The change to high level programming languages was intended to avoid having to rewrite program code to accomodate different CPU and operating system structures. What I saw happening was the dependence on CPUs and OSs was minimized but was replaced by dependence on browser and existing subroutine libraries. The subroutine libraries are by design, generalized machines. Their internal workings are a mystery because nobody actually writes documents to that level anymore. Error reporting is reduced to “Gack, I can’t handle this so I’ll ignore it!” The poor programmer is now reduced to playing “Whack-a-Mole” with the ever shifting, muddy foundation of the library, browser or OS du-jour. Spending 5% of his effort on the problem algorithm and 95% of his effort on making it work, and continue to work, in the morass of unstable environments.
UNIX was a great idea and it lies at the heart of all the biggest machines and networks but all the sprout up sub-species have been a distraction.

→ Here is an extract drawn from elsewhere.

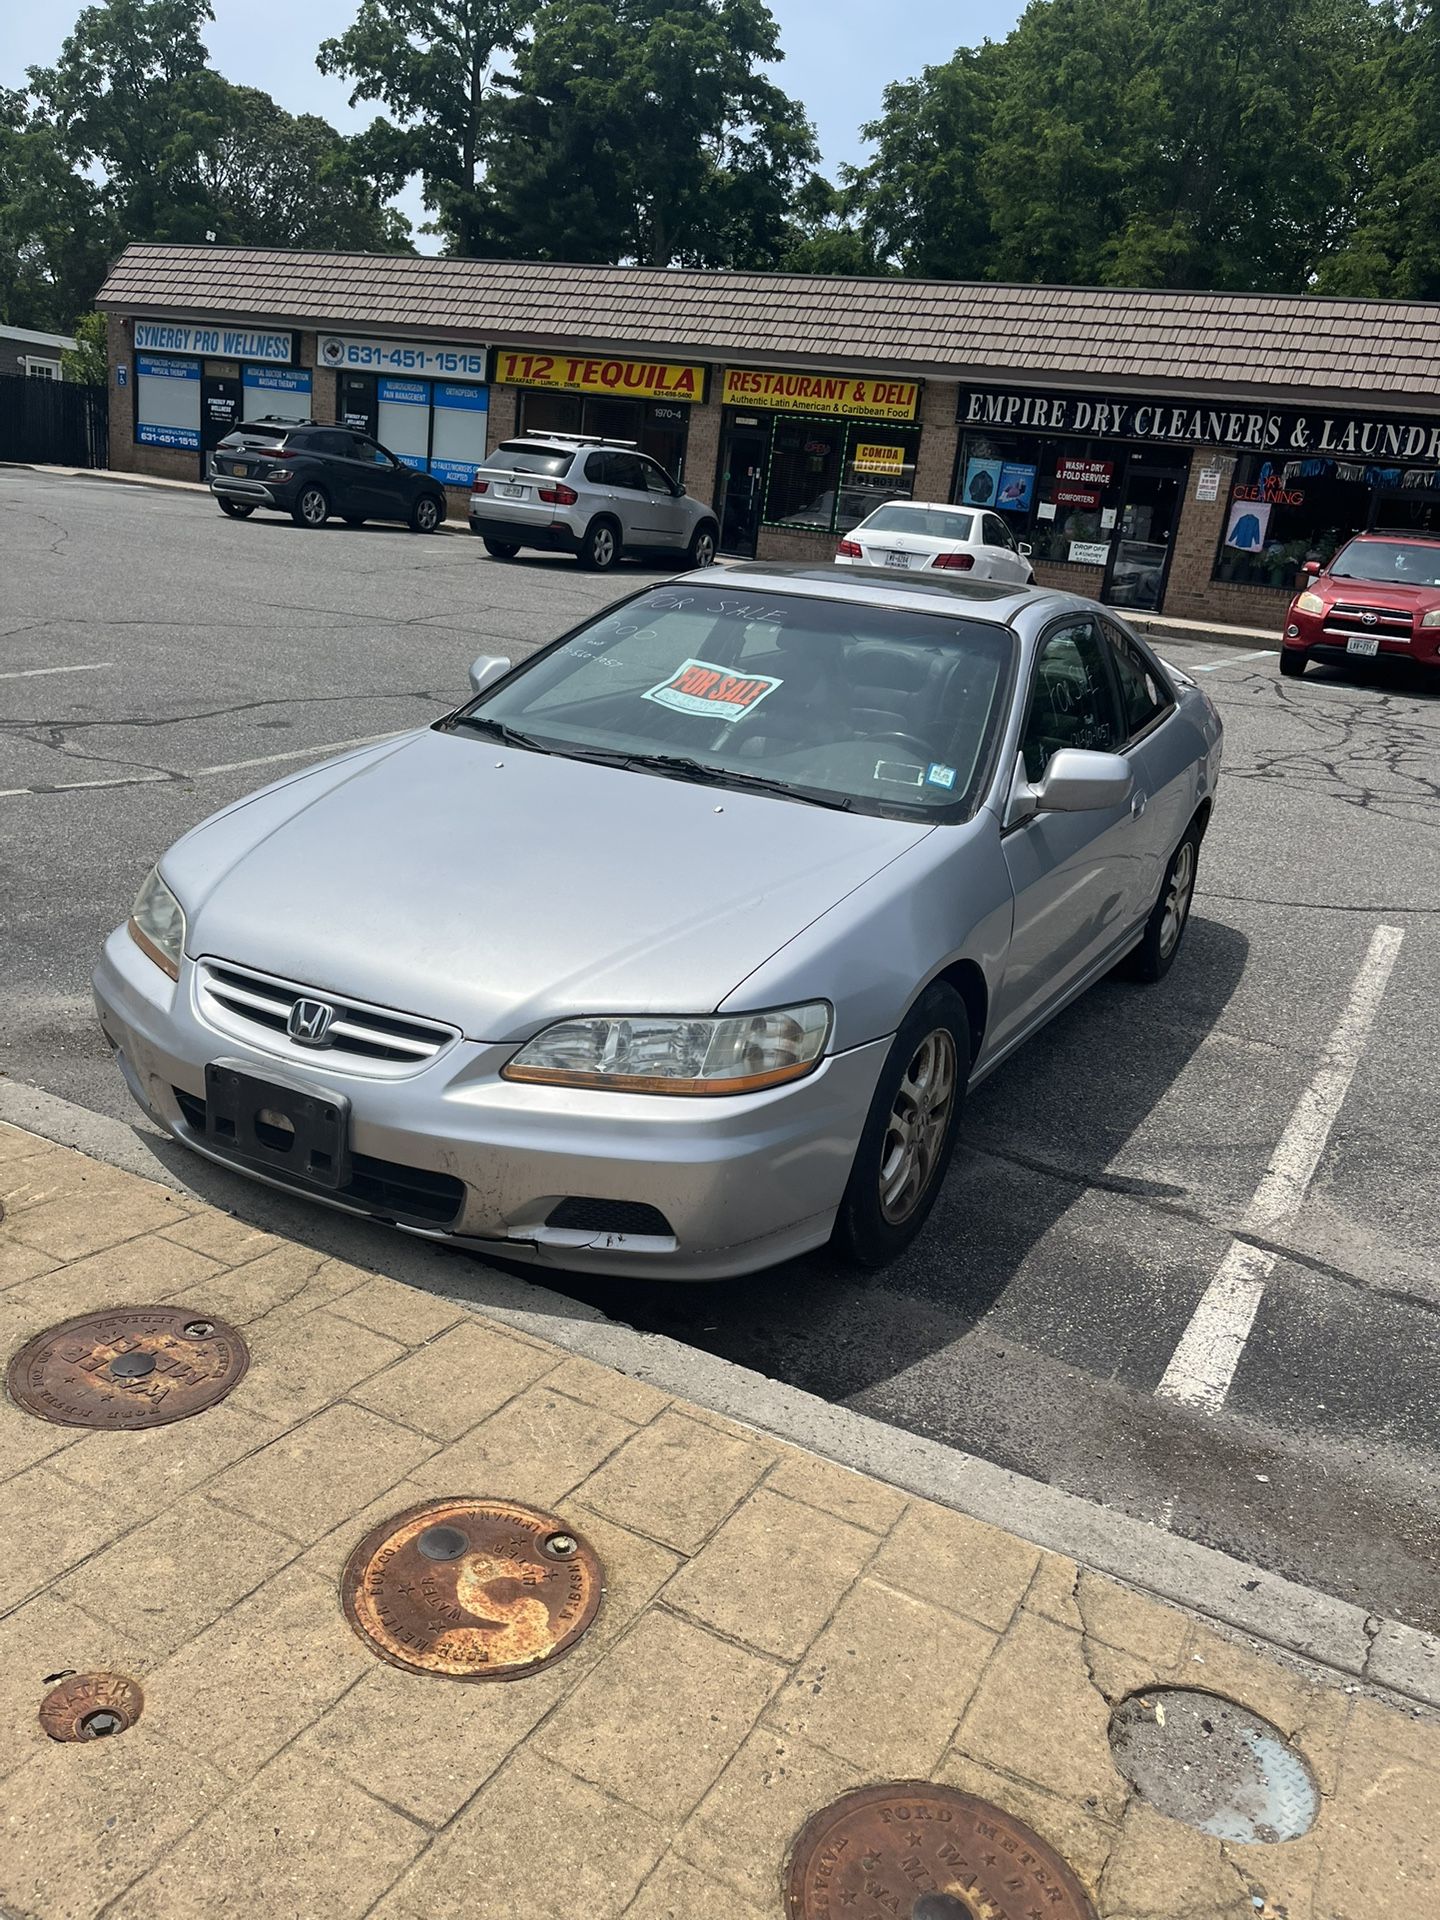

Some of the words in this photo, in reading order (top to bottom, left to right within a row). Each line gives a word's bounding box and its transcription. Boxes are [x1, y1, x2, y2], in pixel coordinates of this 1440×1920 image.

And the biggest cultural change I observed was the opening up of computer programming to the unwashed masses. Now, any idiot that can create a “Hello World” program in Basic thinks they’re a programmer. That might have been OK when computers were strictly one user, one thread and unnetworked. But I know from experience that writing a sophisticated program that behaves properly in multi-CPU, multi-thread, multi-user, virtual, networked environments requires thinking in 5 dimensions. Sure there are subroutine libraries that are supposed to make that task easy but as I noted above they are generalized solutions and don’t always exactly fit the job. AND you’re dependent on how well they were written and how prescient their creator was in being able to predict how it would be used. Ever wonder why unpredictable, mysterious “blue screens” and “hangs” happen? I know why, and it’s a dirty little secret the average programmer hasn’t got a clue to and cannot solve by themselves.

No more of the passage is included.